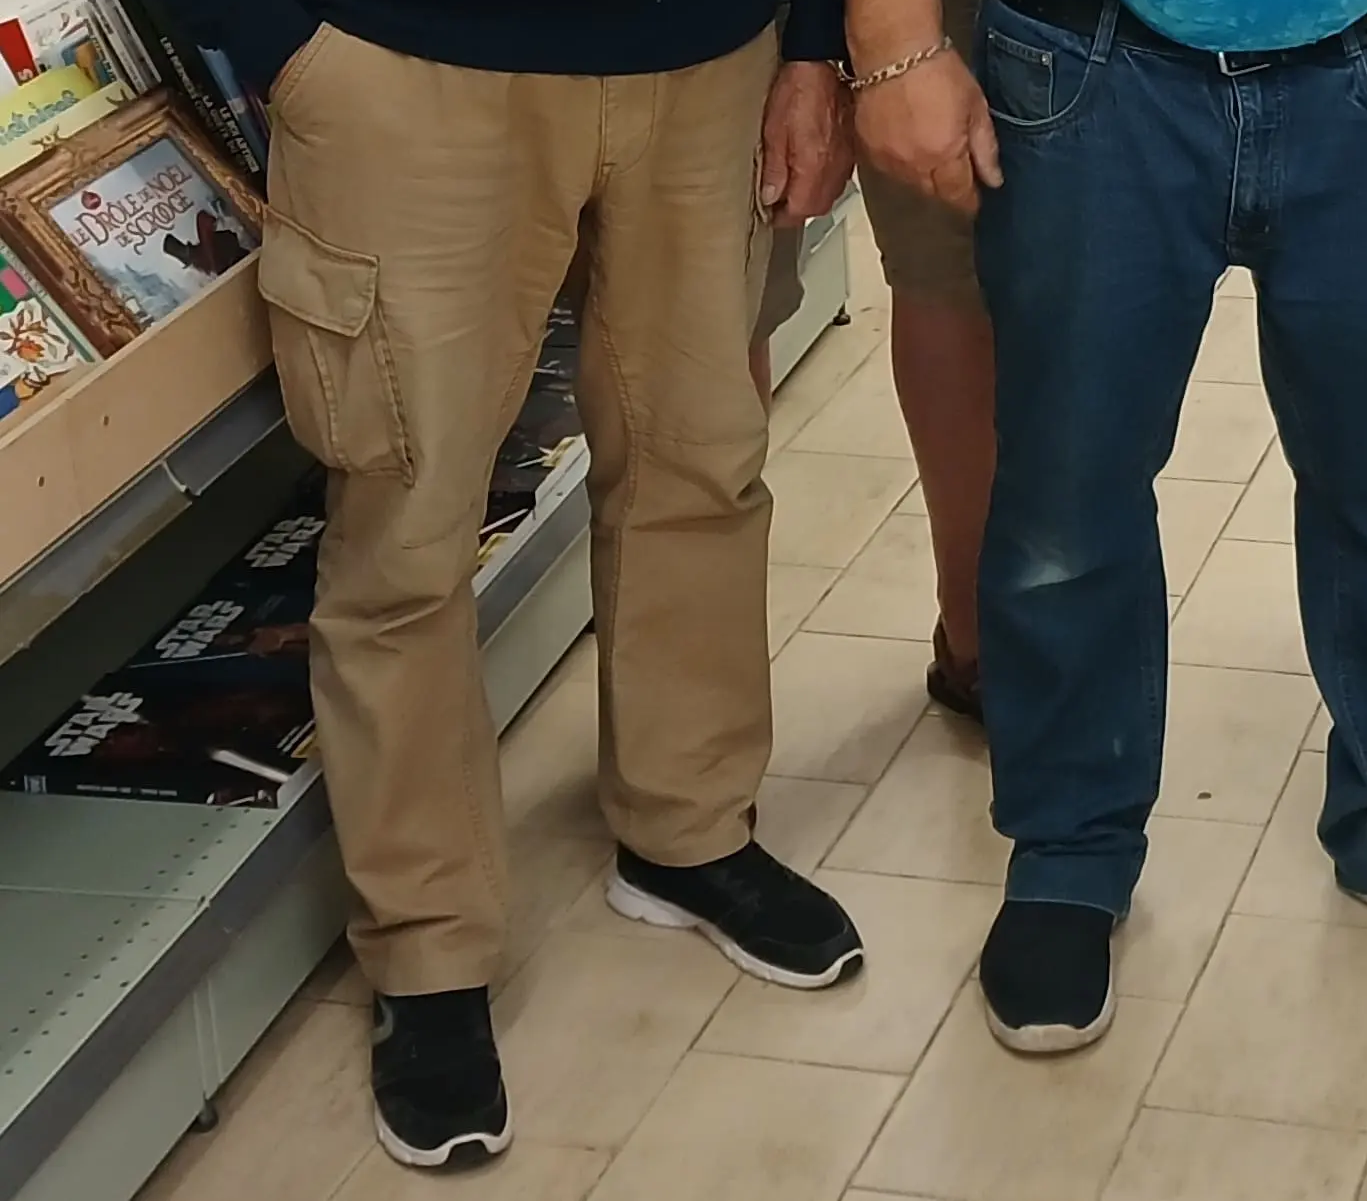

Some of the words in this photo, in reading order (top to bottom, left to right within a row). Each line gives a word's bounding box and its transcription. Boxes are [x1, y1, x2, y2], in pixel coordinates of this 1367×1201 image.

[72, 228, 91, 247] LE
[126, 189, 195, 256] SCROOGE
[244, 516, 316, 561] STAR
[155, 600, 236, 650] STAR
[159, 604, 245, 659] WARS
[44, 692, 134, 747] STAR
[49, 697, 144, 757] WARS
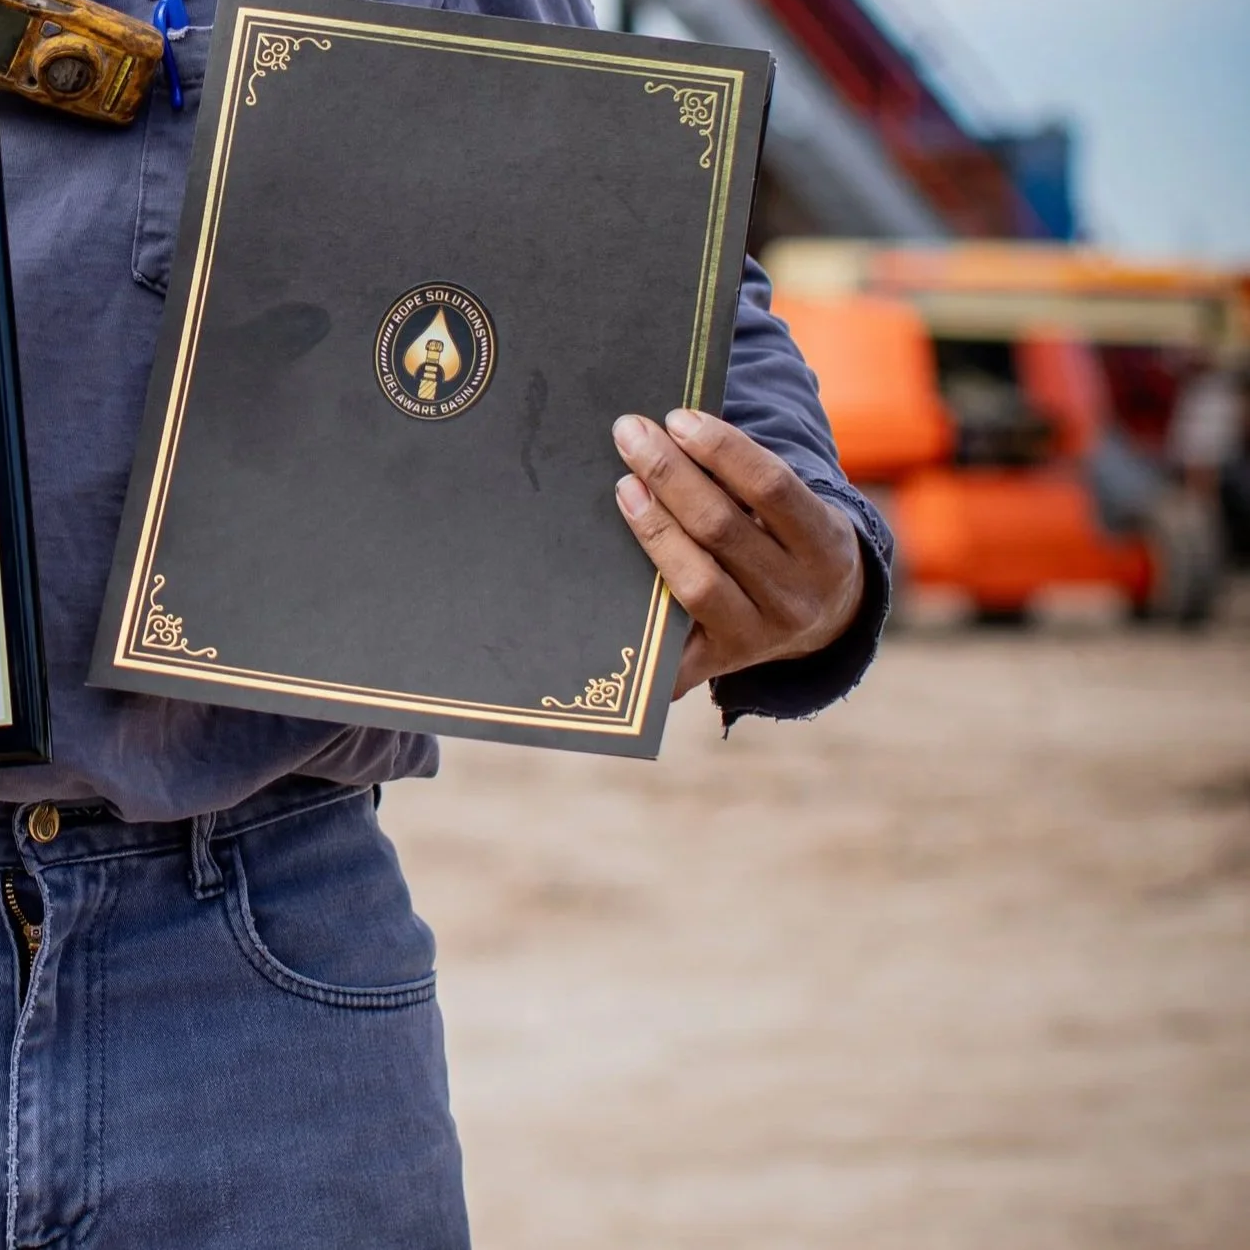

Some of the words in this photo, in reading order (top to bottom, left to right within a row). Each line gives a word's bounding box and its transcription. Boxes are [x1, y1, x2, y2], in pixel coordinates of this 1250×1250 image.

[392, 294, 424, 324] ROPE
[425, 289, 486, 338] SOLUTIONS
[383, 373, 438, 416] DELAWARE
[440, 386, 475, 414] BASIN
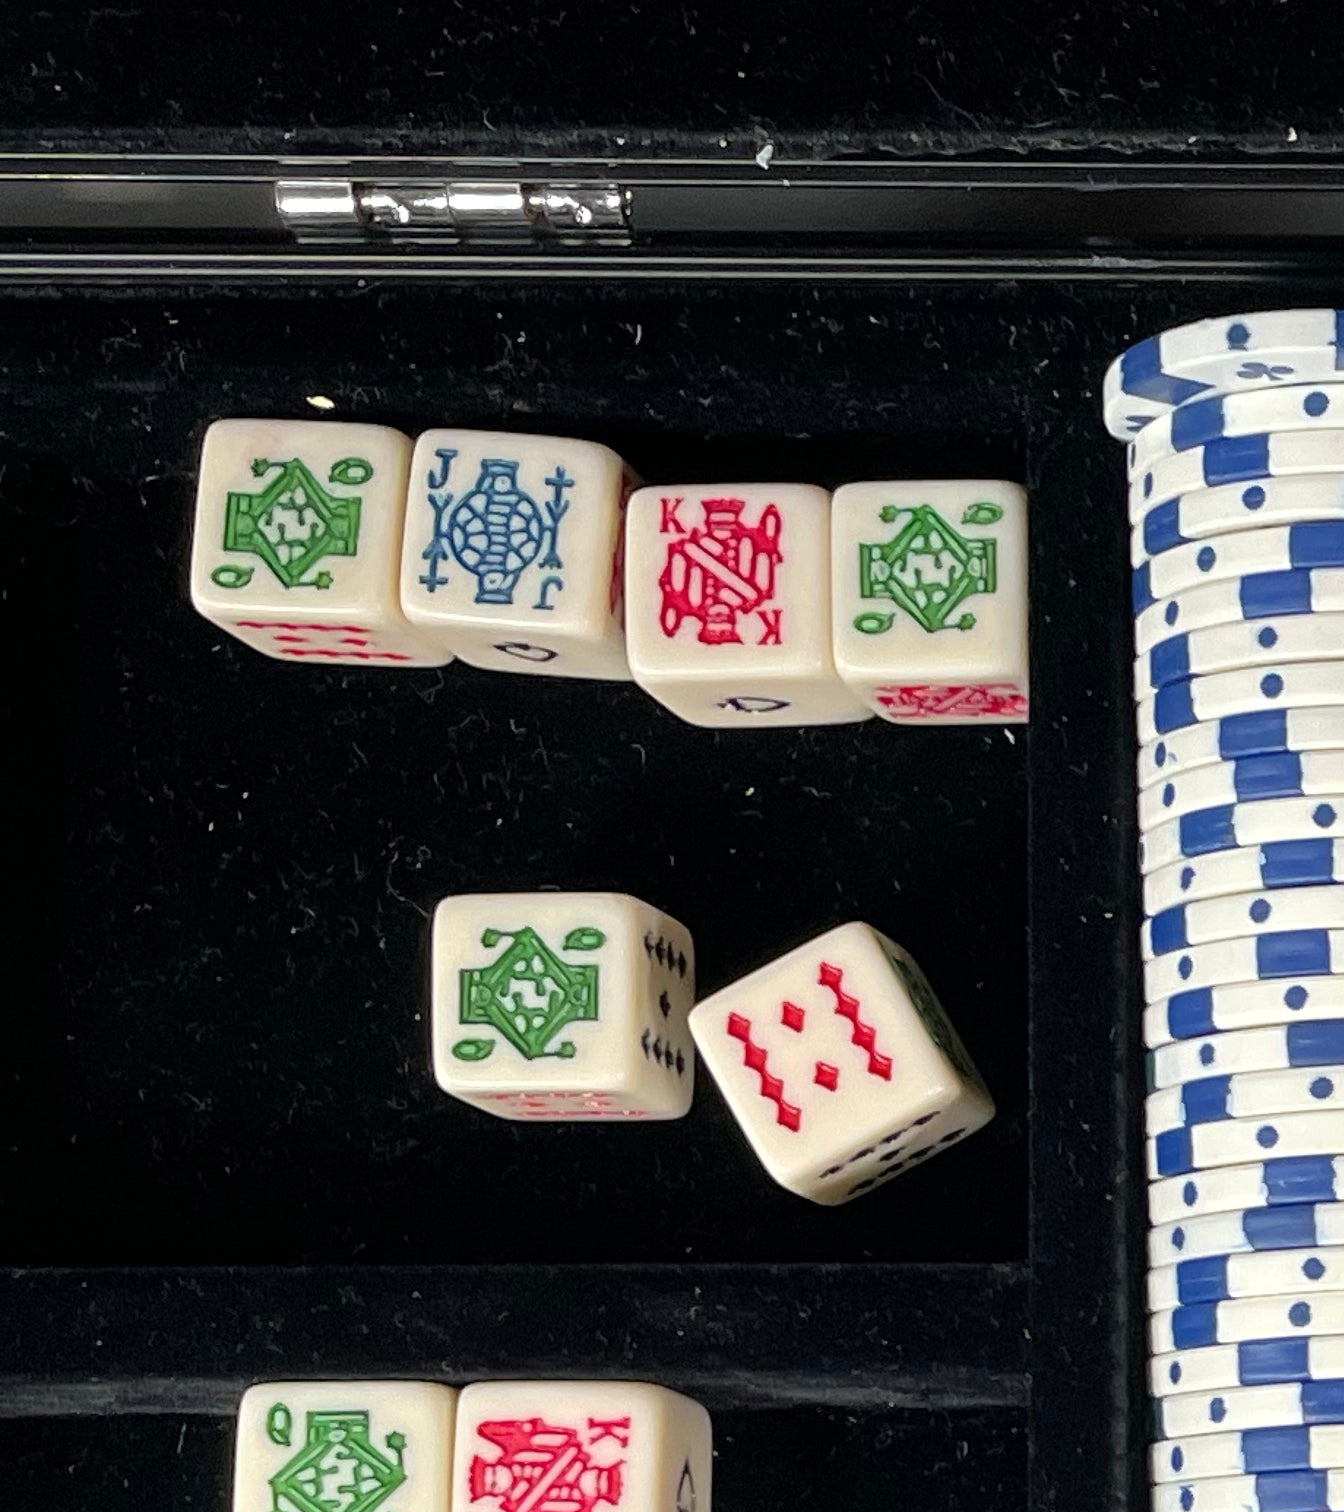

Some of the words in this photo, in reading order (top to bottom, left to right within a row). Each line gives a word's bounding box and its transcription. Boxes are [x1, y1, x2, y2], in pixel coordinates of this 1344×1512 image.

[329, 457, 373, 485] Q
[428, 449, 458, 489] J
[659, 498, 686, 533] K
[961, 502, 1003, 525] Q
[210, 565, 254, 588] Q
[533, 576, 563, 610] J
[757, 610, 782, 645] K
[853, 611, 896, 634] Q
[563, 927, 606, 951] Q
[452, 1038, 496, 1061] Q
[266, 1402, 293, 1447] Q
[588, 1417, 631, 1448] K

=======

> Task goal
Print the entries above exactly, leaving pictures out.

> Answer for the task
Some of the words in this photo, in reading order (top to bottom, left to right within a row). Each line gives a word's bounding box and its transcription. Boxes are [x1, y1, x2, y2], in pixel coordinates of this 1367×1201 image.

[72, 228, 91, 247] LE
[126, 189, 195, 256] SCROOGE
[244, 516, 316, 561] STAR
[155, 600, 236, 650] STAR
[159, 604, 245, 659] WARS
[44, 692, 134, 747] STAR
[49, 697, 144, 757] WARS

Some of the words in this photo, in reading order (top to bottom, left to right within a row). Each line gives a word's bounding box and its transcription. Boxes are [x1, y1, x2, y2], in pixel coordinates of this 1250×1250 image.

[392, 294, 424, 324] ROPE
[425, 289, 486, 338] SOLUTIONS
[383, 373, 438, 416] DELAWARE
[440, 386, 475, 414] BASIN

Some of the words in this photo, in reading order (top to bottom, left to right within a row). Each line gives a word's bounding box and its transcription. Boxes are [x1, y1, x2, y2], in pixel coordinates of this 1344×1512 image.

[329, 457, 373, 485] Q
[428, 449, 458, 489] J
[659, 498, 686, 533] K
[961, 502, 1003, 525] Q
[210, 565, 254, 588] Q
[533, 576, 563, 610] J
[757, 610, 782, 645] K
[853, 611, 896, 634] Q
[563, 927, 606, 951] Q
[452, 1038, 496, 1061] Q
[266, 1402, 293, 1447] Q
[588, 1417, 631, 1448] K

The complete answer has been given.